Avant toute chose, demandons-nous ce qu’est le mariage. Bien entendu, ce n’est ni un lourd fardeau, une responsabilité assumée unilatéralement par l’époux, ni un droit de possession ad vitam æternam sur une charmante poupée (ou sur un beau prince charmant). Lors d’une demande en mariage, on entend souvent la jolie formule : « Pour faire ton bonheur ». Toutefois, je pense qu’il serait plus juste d’offrir de porter la moitié du fardeau de son partenaire en proposant : « Devenons heureux. » En chemin, si le partenaire fait un faux pas, on dira du fardeau « Passe-le moi ! » et on en assumera une part un peu excessive. C’est cela la vie dans le mariage. Mais jusqu’où va ce chemin ? Bien entendu, tous les couples cherchent è atteindre “le bonheur“.

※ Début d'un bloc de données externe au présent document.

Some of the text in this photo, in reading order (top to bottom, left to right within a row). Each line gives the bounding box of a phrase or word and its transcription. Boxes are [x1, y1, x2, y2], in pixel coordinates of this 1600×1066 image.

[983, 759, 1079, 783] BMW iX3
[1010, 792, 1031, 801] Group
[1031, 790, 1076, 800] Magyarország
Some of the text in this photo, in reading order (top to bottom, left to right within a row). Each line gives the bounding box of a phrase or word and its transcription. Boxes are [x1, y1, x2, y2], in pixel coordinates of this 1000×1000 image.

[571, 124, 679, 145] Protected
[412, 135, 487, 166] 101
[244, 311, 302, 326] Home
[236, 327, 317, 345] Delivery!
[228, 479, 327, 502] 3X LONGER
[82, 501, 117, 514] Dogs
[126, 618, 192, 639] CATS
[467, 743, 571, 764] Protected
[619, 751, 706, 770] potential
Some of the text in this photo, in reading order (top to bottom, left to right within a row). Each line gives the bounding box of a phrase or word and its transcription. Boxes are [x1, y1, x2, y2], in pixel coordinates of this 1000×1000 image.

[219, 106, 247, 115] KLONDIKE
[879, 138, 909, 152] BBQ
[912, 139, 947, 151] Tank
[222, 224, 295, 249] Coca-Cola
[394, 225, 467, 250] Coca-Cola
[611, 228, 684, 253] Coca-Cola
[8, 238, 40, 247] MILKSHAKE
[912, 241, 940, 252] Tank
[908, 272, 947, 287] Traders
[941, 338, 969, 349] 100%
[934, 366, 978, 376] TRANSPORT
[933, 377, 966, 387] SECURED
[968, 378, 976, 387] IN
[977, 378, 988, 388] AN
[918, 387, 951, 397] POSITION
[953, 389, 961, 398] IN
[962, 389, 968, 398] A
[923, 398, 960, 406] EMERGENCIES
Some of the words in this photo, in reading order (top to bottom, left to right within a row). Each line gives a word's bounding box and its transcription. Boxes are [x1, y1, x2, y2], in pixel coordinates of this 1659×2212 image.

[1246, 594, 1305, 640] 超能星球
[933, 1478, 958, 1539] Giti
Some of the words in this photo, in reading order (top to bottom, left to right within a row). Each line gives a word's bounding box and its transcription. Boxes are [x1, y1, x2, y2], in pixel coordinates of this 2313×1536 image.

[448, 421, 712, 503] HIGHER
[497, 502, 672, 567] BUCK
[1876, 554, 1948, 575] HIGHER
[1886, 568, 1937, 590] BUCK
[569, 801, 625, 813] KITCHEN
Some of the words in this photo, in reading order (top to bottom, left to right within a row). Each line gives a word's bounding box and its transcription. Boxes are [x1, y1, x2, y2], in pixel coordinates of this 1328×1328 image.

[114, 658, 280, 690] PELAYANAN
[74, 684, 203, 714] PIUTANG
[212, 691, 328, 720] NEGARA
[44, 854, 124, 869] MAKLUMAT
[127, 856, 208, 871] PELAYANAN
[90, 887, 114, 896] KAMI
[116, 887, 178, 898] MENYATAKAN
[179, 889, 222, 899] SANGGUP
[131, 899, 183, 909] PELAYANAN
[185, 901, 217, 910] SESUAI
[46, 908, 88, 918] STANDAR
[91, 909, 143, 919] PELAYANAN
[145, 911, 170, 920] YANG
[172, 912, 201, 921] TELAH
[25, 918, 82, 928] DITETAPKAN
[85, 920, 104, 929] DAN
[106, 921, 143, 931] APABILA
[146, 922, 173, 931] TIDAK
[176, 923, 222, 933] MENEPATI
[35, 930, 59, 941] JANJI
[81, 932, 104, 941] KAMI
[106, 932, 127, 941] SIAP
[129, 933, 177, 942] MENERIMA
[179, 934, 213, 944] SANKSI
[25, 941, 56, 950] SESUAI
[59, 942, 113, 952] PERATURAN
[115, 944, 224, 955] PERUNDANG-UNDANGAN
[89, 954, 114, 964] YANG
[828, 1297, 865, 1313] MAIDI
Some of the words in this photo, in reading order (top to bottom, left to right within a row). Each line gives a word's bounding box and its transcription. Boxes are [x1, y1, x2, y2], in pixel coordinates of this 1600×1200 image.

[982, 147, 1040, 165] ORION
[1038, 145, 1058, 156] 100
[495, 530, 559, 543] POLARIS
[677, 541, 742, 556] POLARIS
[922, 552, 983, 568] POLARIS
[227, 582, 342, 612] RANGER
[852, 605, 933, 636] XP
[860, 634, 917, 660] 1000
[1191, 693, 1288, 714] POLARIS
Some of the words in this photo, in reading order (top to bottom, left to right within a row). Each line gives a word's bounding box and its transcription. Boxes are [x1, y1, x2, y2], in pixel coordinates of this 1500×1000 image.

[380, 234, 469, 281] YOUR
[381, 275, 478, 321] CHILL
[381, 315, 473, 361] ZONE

Cependant, nombreux sont ceux qui s’élancent avec pour seul but le mariage, sans même savoir ce qu’est leur propre “bonheur“. Il est illusoire de penser que le “bonheur“ est dans la main du partenaire, de même que de songer è l’obtenir. Le “bonheur“ est une graine dans notre propre poitrine. Il existe certainement quelqu’un avec qui faire grandir cette graine. Et ce quelqu’un souhaite du fond du cœur faire grandir aussi la graine dans la poitrine de son partenaire.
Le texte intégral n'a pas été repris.